Move-out guide
How to price move-out cleaning jobs
Move-out cleaning looks simple on paper because the home is empty. In practice, it often carries stricter expectations, more visible surfaces, and checklist-style detail work. Pricing should reflect that reality.
Empty does not mean easy
Cabinets, baseboards, appliance interiors, and exposed corners can make empty homes more detailed than furnished ones.
Use a checklist
A checklist prevents missed expectations around inside cabinets, appliances, blinds, and windows.
Protect the schedule
Move-out jobs often have fixed deadlines, so labor buffers matter more than usual.
What to include in a move-out estimate
- Baseline labor by home size and room count
- Move-out service multiplier for detail intensity
- Appliance interiors, cabinets, drawers, and interior windows if included
- Travel fee, supply assumptions, and minimum job price
- Extra labor for heavy buildup, trash, or condition issues outside normal scope
FAQ
Should move-out cleaning be priced higher than standard cleaning?

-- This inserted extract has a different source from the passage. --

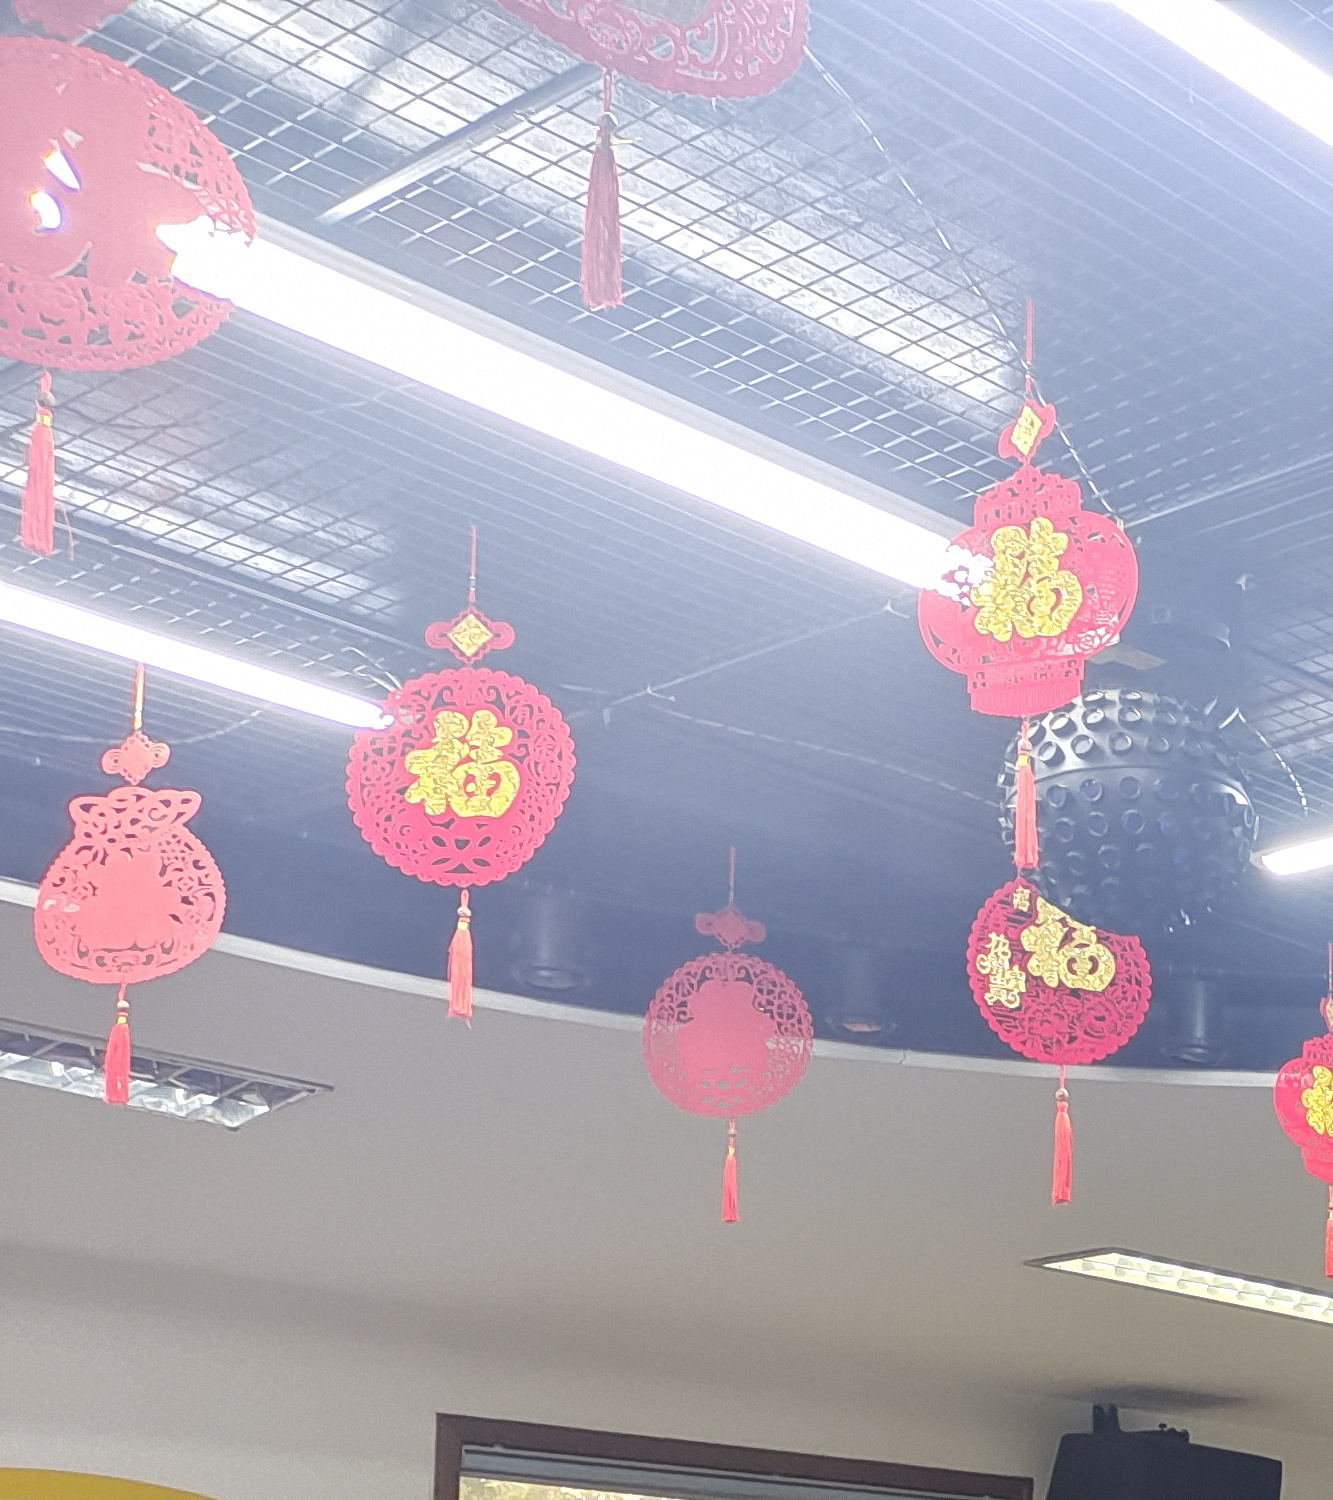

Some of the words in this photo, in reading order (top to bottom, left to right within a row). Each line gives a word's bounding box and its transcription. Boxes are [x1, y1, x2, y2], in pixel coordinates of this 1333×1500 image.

[970, 517, 1083, 642] 福
[404, 709, 520, 818] 福
[1021, 896, 1116, 992] 福

Usually yes. Even though the home may be empty, turnover cleaning often includes more detail work, appliance interiors, cabinets, and higher expectations from property managers or incoming residents.
Why does an empty home still take time?
There is less furniture to work around, but more exposed surfaces, edges, cabinets, and inspection-level detail. Empty spaces can reveal more work, not less.